Home Navigating challenges of MedTech research with rare-disease patients

Navigating challenges of MedTech research with rare-disease patients

2 mins read

Authored by: Tom Donnelly, MedTech Director and Amanda Pirraglia, Associate Director

Published in Quirk’s magazine, November 2023

As technology advances there is a growing array of MedTech solutions – wearables, voice-activated devices, telehealth, etc. – to better support patients in their daily lives. However, MedTech research with rare-disease patients presents several unique challenges that must be considered. Ideally, interviews would be in-person in a central location to observe device use; the rarity of the condition can lead to the need for a hybrid methodological approach. In this article, we will: provide some background on rare disease and how research can be different in this population; describe different methodological approaches, respondent configurations and recruitment considerations; and discuss aspects of moderation and analysis.
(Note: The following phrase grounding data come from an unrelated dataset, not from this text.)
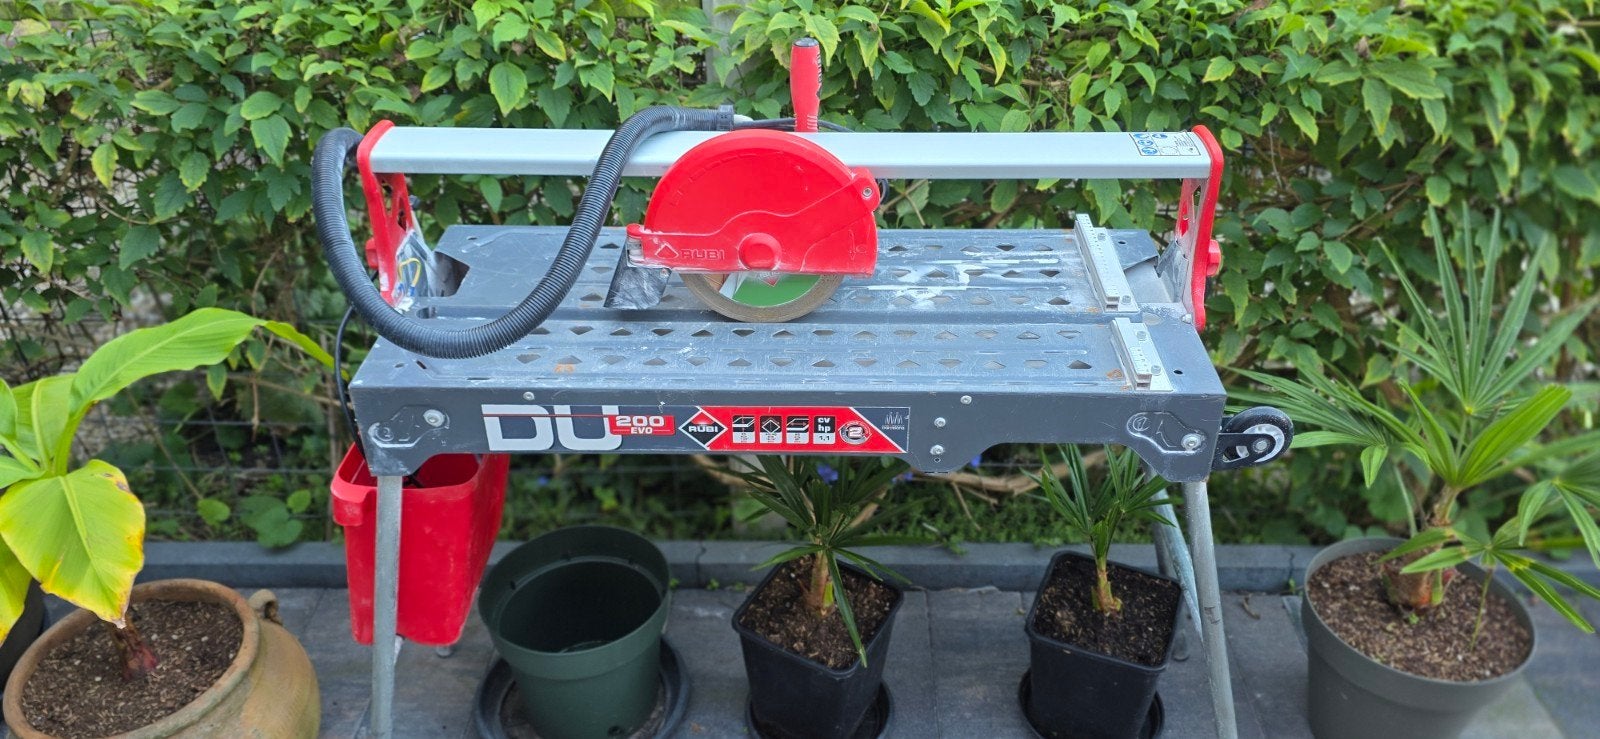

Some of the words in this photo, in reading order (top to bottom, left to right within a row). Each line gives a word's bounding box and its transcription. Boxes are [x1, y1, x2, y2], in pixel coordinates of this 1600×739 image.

[616, 415, 665, 427] 200
[481, 404, 623, 451] DU
[630, 427, 653, 435] EVO
[688, 425, 719, 433] RUBI
[818, 424, 831, 433] hp
[848, 426, 863, 439] 2
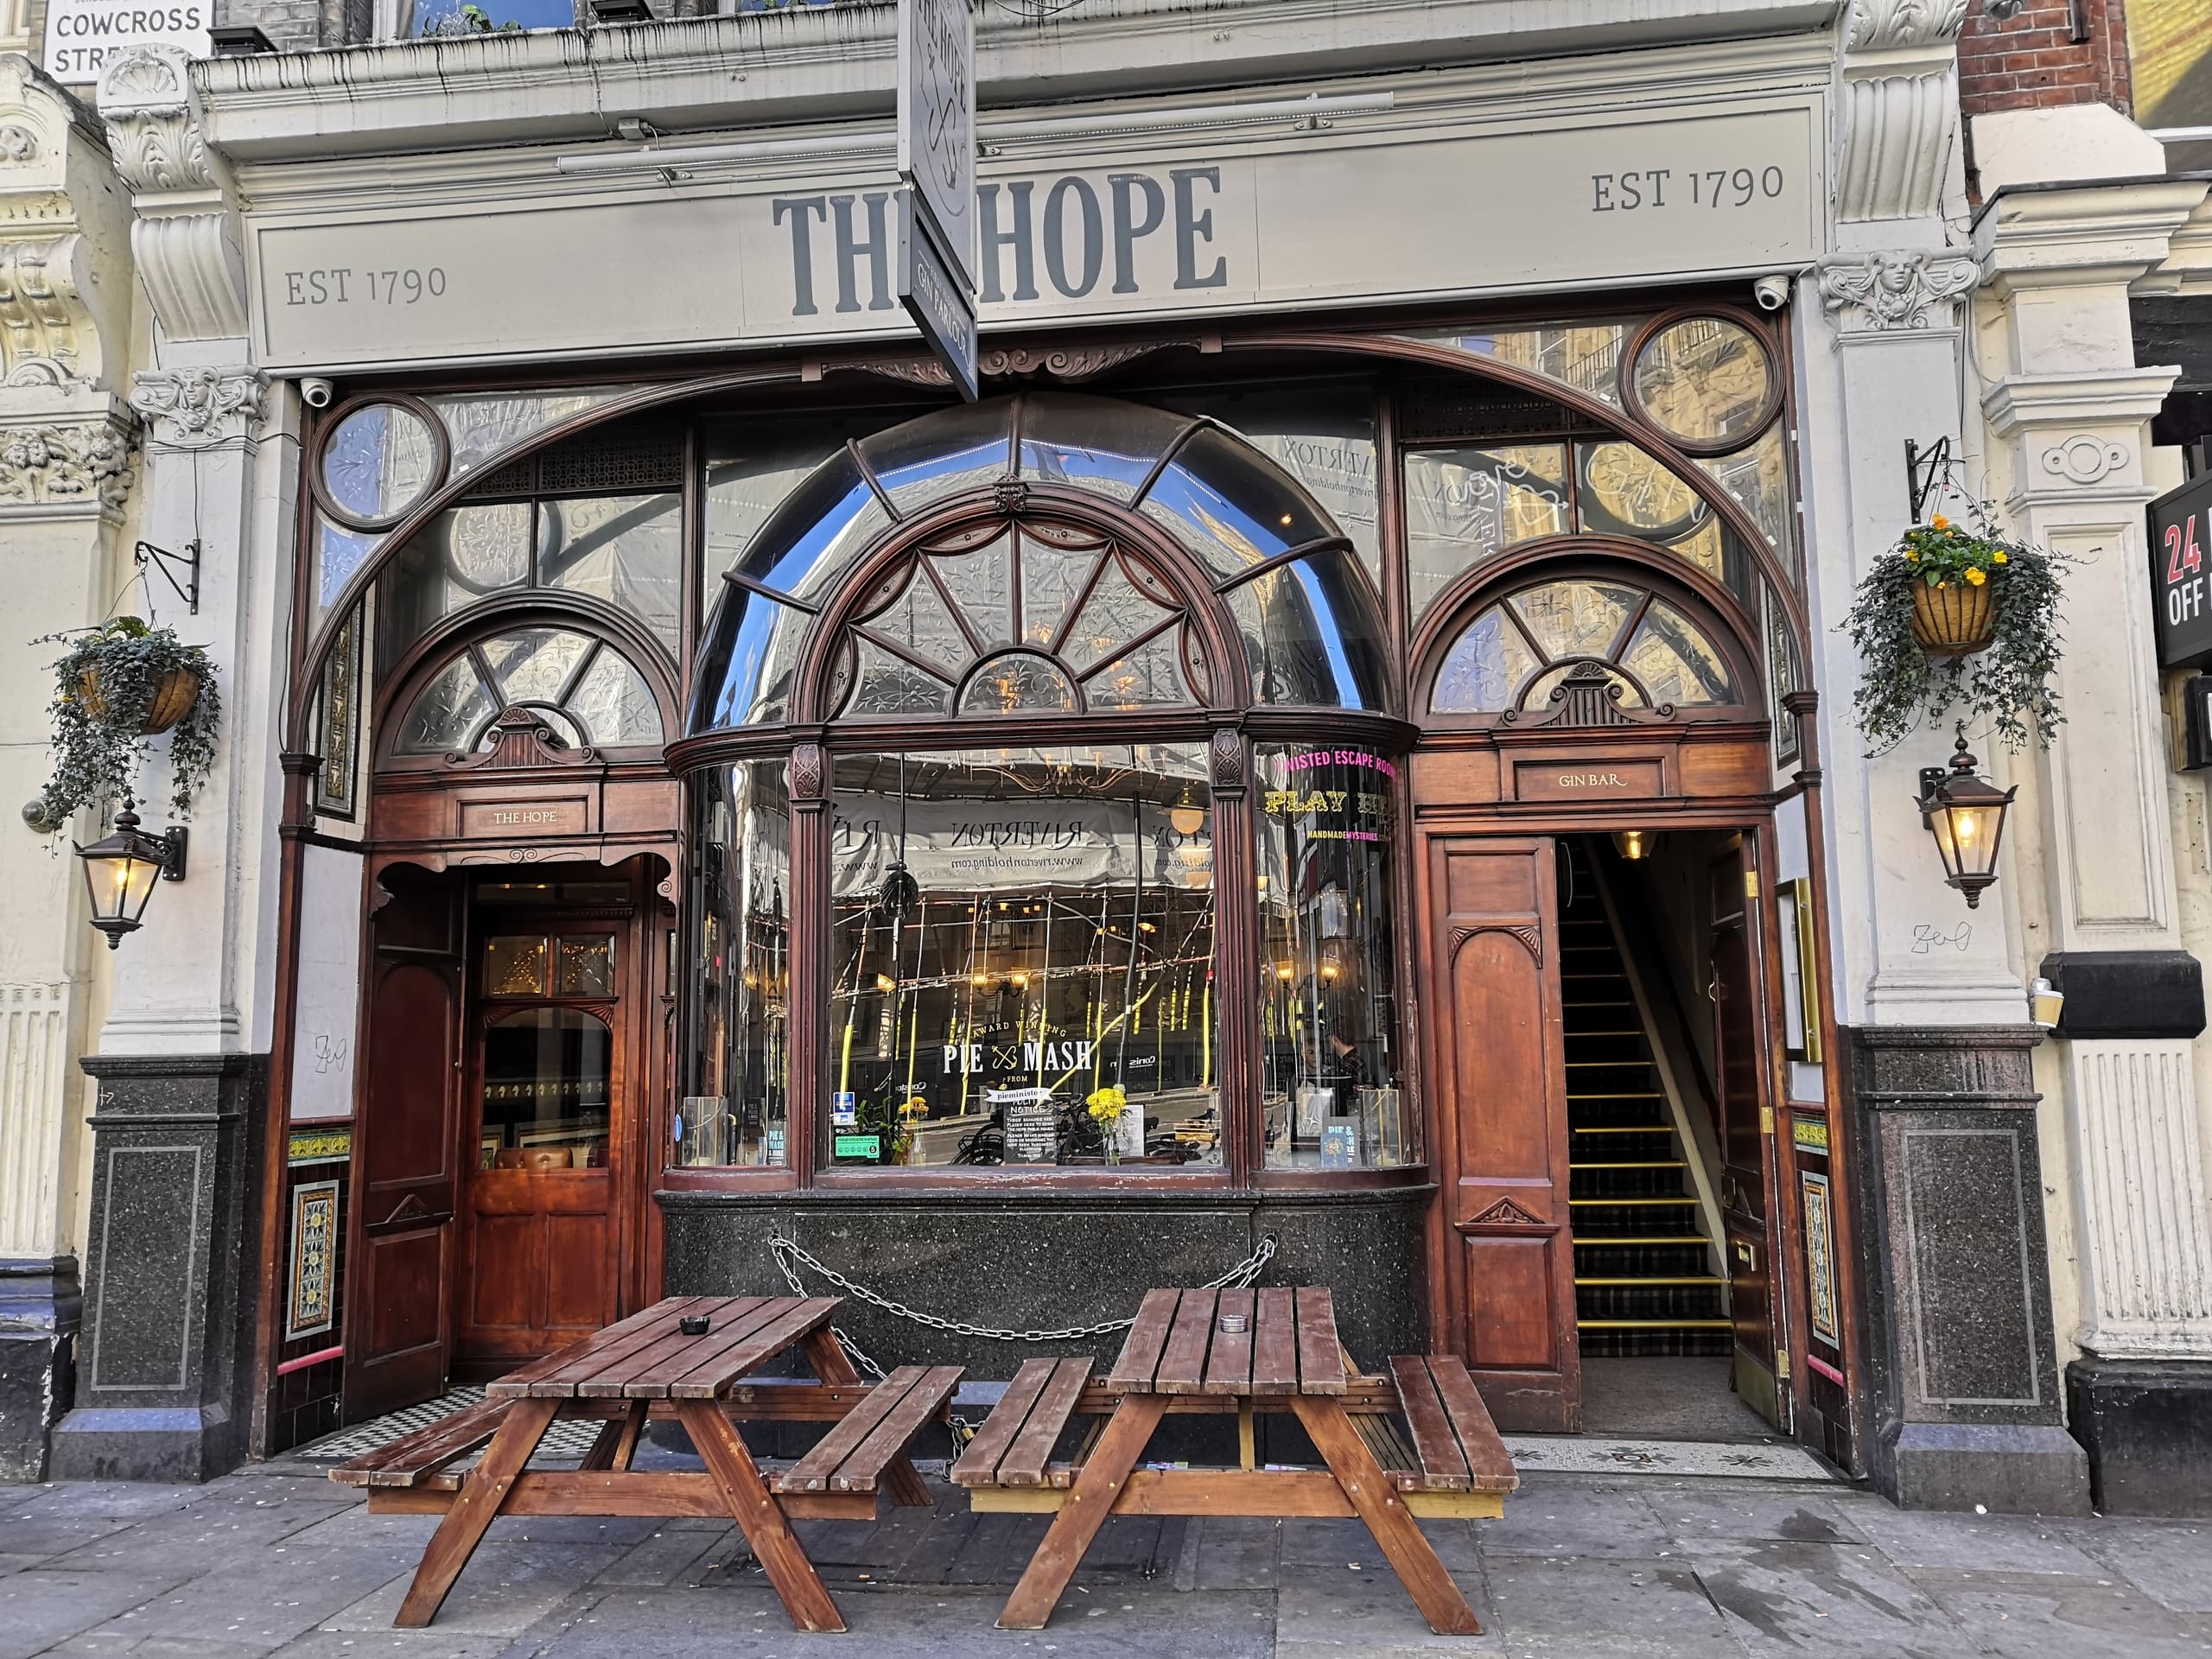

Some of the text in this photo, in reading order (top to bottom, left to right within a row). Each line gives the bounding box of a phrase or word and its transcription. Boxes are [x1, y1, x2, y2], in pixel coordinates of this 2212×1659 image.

[56, 7, 200, 37] COWCROSS
[54, 47, 123, 73] STR
[939, 10, 966, 114] HOPE
[1592, 165, 1784, 213] EST 1790
[772, 166, 1228, 316] TH HOPE
[285, 267, 448, 306] EST 1790
[918, 263, 969, 361] GIN PARLOUR
[2164, 514, 2202, 585] 24
[2169, 577, 2203, 626] OFF
[1335, 751, 1373, 768] ESCAPE
[1559, 773, 1628, 787] GIN BAR
[493, 810, 556, 824] THE HOPE
[1265, 791, 1348, 813] PLAY
[973, 1020, 1067, 1038] AWARD WINING
[943, 1040, 1092, 1073] PIE MASH
A rare disease affects less than 500 in 1,000,000 people (0.05% prevalence). Definitions vary slightly: in Europe, a rare disease affects less than 1 in 2,000, while in the U.S. it affects less than 200,000 people.1 Overall rare diseases affect up to 6% of the world population (~1 in 20) and about 80% of rare diseases have a genetic origin. Sadly only ~5% have an approved treatment.2

Further subclassification can help to define those indications that are ultra-rare or those that have orphan disease status. The definition of an ultra-rare disease in Europe is that it affects less than 20 in 1,000,000, while the U.S. has no distinction for ultra-rare.3 Approximately 85% of the rare diseases have an incidence of less than 1 in a million (0.0001).

Orphan status may be for a rare or common condition (e.g., malaria, which has 3 million cases/year). Often, they are for rare diseases because of a small patient universe making it harder to conduct clinical trials. In the U.S., the Orphan Drug Act (1983) provides incentives for the development of drugs to treat rare diseases including seven years of market exclusivity after approval.